Top 10 Must Sees in Iran

Iran is one of the magnificent civilizations of the Near East. Today it is famous for art, architecture, and poetry. In many ways, the reality is better than the image because Iran is one of the few countries where you can delve into an ancient culture and experience a lifestyle that has now disappeared from most of the modern world. What is less-known is that visitors can see archaeological and cultural sites spanning over 10,000 years To help you plan your trip, here is a list of the top 10 sites that you should see whilst you are there: 

Imam sq Isfahan

Imam Square, Isfahan

Isfahan (Esfahan) contains some of the world’s most beautiful Islamic monuments. The city’s moment of glory came in the 17th century when the town was made the capital of the Safavid empire by Shah Abbas the Great. At this time some of the most stunning Islamic architecture in the world was created – buildings that, amongst other things, served as the inspiration for the Taj Mahal. The Imam Square is the glory of the city and contains the exquisite Masjid-e-Imam (Shah Mosque), the Sheikh Lotfollah Mosque with its stunning coloured tiles, the Ali Qapu Palace, and the Qaisarrieh Bazaar – one of the most exotic in the Middle East.

 Persepolis  

Persepolis

Persepolis is one of the world’s most magnificent archaeological sites. Known as Parsa to the ancient Persians, this site was the ceremonial capital of Iran’s Achaemenian emperors from the time of Darius the Great (reign 521 to 485) for more than 200 years until its destruction by Alexander the Great in 330 B.C. Each Spring the representatives from the subject nations of the Persian empire gathered at Persepolis to pay homage and bring tribute to the King of Kings.

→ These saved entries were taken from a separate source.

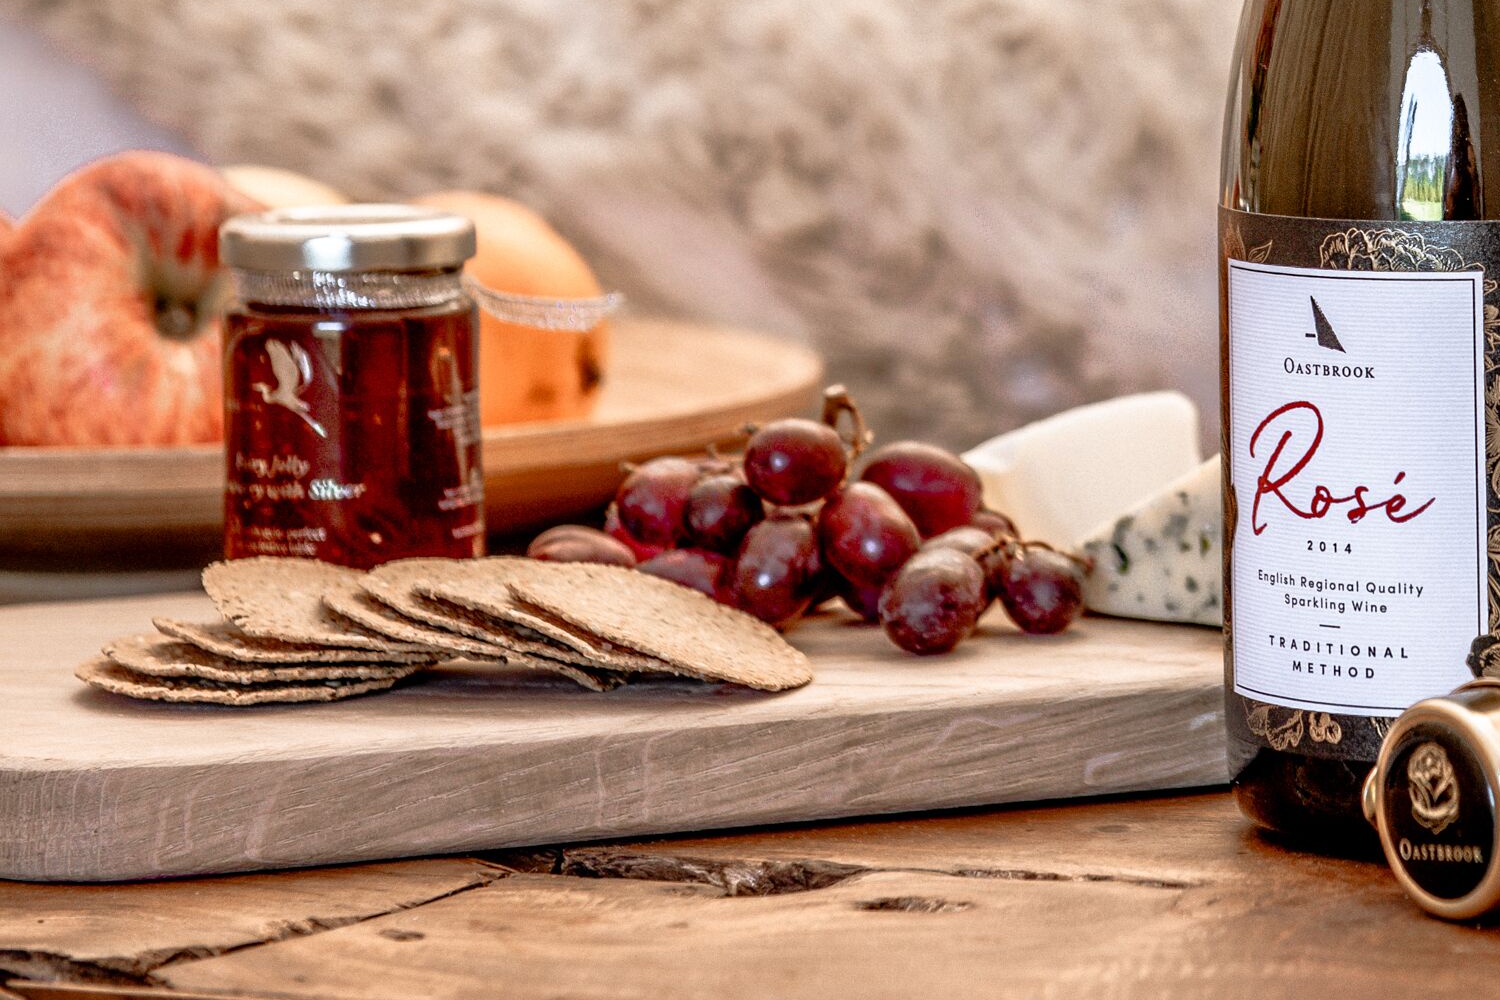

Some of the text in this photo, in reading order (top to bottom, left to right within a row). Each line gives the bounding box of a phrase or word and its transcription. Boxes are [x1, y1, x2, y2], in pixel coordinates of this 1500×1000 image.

[1284, 357, 1375, 379] OASTBROOK
[1250, 401, 1435, 535] Rosé
[1307, 540, 1352, 554] 2014
[1258, 569, 1424, 597] English Regional Quality
[1284, 593, 1388, 613] Sparkling Wine
[1269, 635, 1408, 658] TRADITIONAL
[1293, 660, 1375, 679] METHOD
[1399, 838, 1483, 863] OASTBROOK

The existing remains consist of enormous stone columns with elaborate bases; strange capitals representing both powerful and mythical beasts; stone door and window jambs; and facades and staircases, many with fine bas-reliefs.

 



Nagash-e-Rostam

Nagash-e-Rostam

Nagash-e-Rostam or necropolis (5km from the ancient city of Persepolis) is home to four giant rock-cut tombs in the shape of Greek crosses which were built to house the remains of Darius the Great and three of his successors. Below the tombs are a number of Sassanian rock-reliefs including one depicting the defeated Roman emperor Valerian kneeling before the victorious Shahpur I (reign 241 to 272 A.D).

National Museums, Tehran

National Museums, Tehran

The highlight of a visit to the Iranian capital is the opportunity to explore several of its excellent museums, including: the superb Archaeological museum, with its Prehistoric and Islamic sections; the Abguineh Glass Museum; the Carpet and Reza Abbassi Calligraphy museums; and the stunning State Jewels of Iran which houses one of the most fabulous collections of treasures in the world.


Soltanieh

Sultanieh

The small village of Sultanieh was to have been the capital of the great 14thcentury Il-Khanid ruler of Persia, Oljeitu. Almost nothing remains of this city built on the gassy plains of except the king’s stunning egg-shaped blue domed mausoleum - a UNESCO World Heritage Site. The tomb has been described by Professor Pope as ’one of Persia’s supreme architectural achievements’.